Après un long débrayage, la section SET de N’Djaména, appuyée par quelques sections provinciales, a réussi a obtenir la signature du décret 2850 portant statut particulier des enseignants en novembre 2025. Mais constatant que les effets de ce décret ne sont pas pris en compte dans le budget 2026 et estimant que les négociations piétinent pour la signature d’un accord cadre de mise en oeuvre du décret, la section SET de N’Djaména, suivi de celles du département du Mayo Boneye dans le Mayo Kebbi Est et des provinces du Logone occidental et du Chari-Baguirmi, a déclenché une nouvelle grève de deux semaines à compter du 16 février 2026.

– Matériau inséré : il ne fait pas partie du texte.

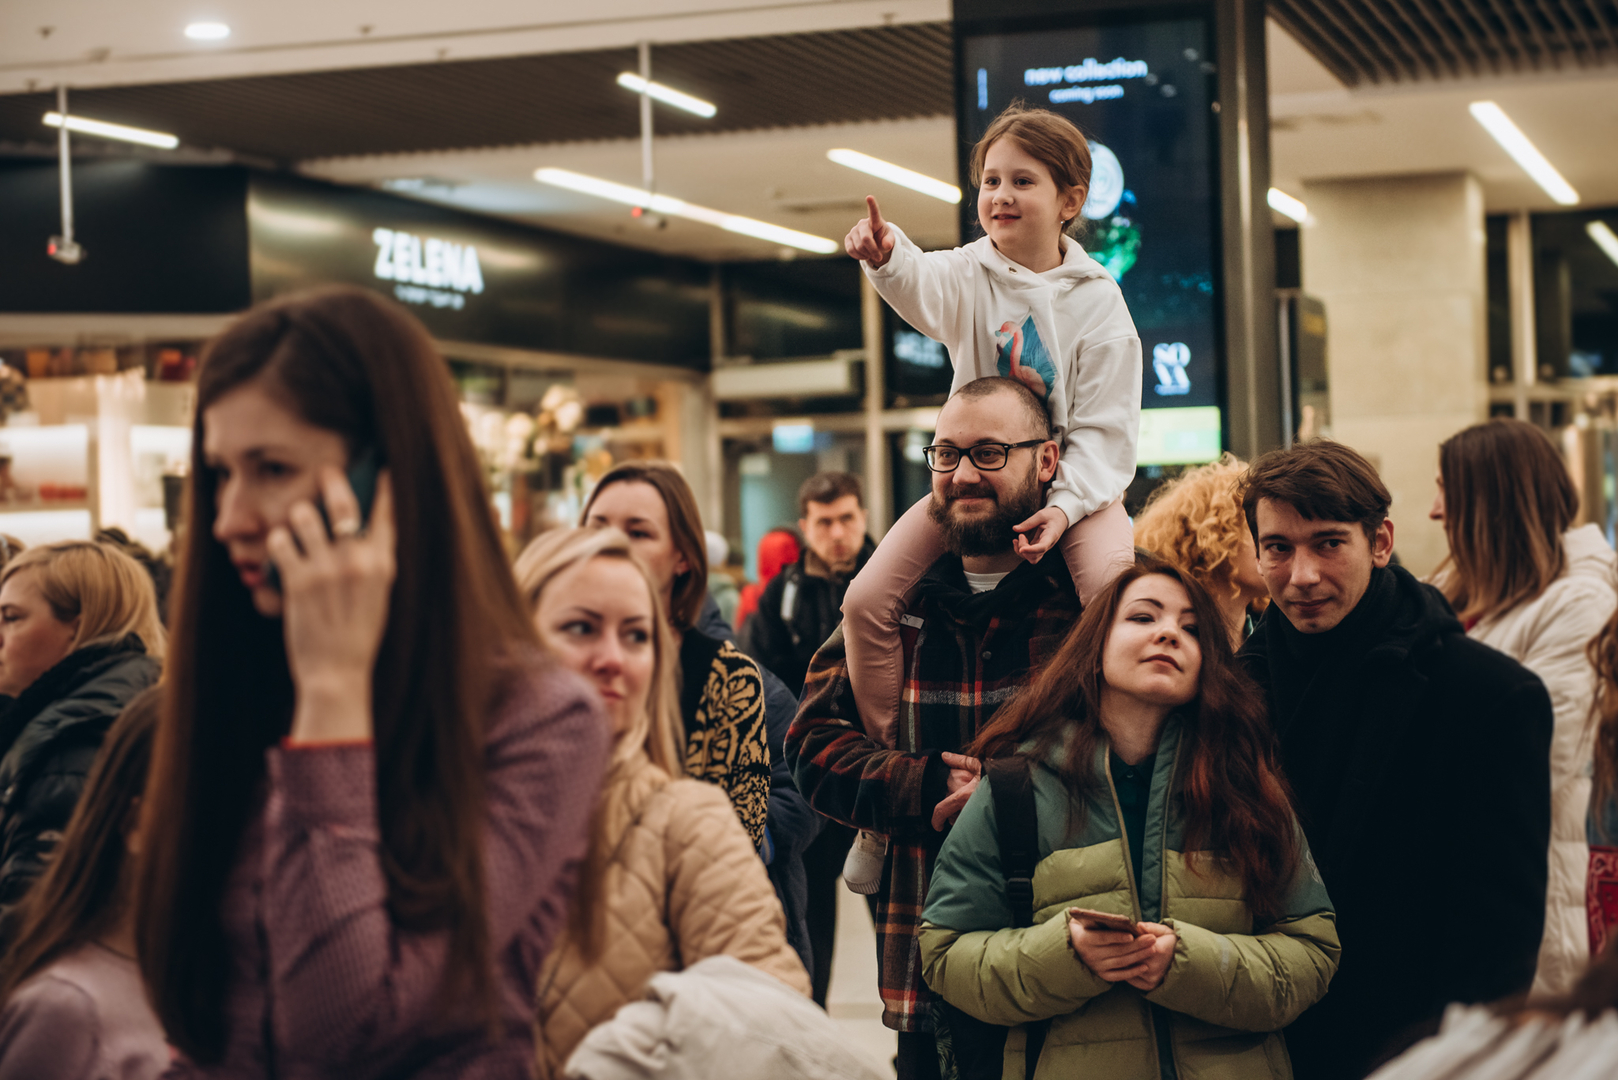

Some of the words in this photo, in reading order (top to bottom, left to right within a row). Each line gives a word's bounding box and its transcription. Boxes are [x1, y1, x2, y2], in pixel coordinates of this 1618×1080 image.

[1024, 66, 1063, 87] new
[1064, 56, 1148, 84] collection
[1049, 85, 1094, 105] coming
[373, 227, 485, 294] ZELENA

Mais pour le gouvernement, cette grève est observée en « violation des procédures ». Il a donc décidé de sévir. « Comme cette grève ne résulte pas d’un retard de paiement de salaire, le gouvernement précise que les jours de grève ne seront pas payés par l’État, et la charge salariale sera de la responsabilité de la section provinciale du SET de N’Djamena ».
Le gouvernement précise que, dans le cadre de la signature d’un protocole d’accord d’application du décret No 2850, un chronogramme consensuel, validé par une commission paritaire regroupant les ministères de l’Éducation Nationale, de la Fonction Publique et des Finances, prévoyait l’aboutissement des discussions pour le 3 avril 2026. « À la surprise générale, la section de N’Djamena a appelé à la grève sans préavis, faisant fi des travaux de la commission », déplore-t-il.
En réaction à cette décision du gouvernement, le secrétaire général de la section SET de N’Djaména, Abdelkadre Djibia, martèle qu’ils vont persister dans leur grève pour faire respecter leurs droits.
Il faut aussi préciser que dans une note adressée aux directeurs généraux des banques le 19 février 2026, le trésorier payeur général, les a prié de procéder à l’annulation des virements des salaires, évoquant un « incident constaté sur les calculs »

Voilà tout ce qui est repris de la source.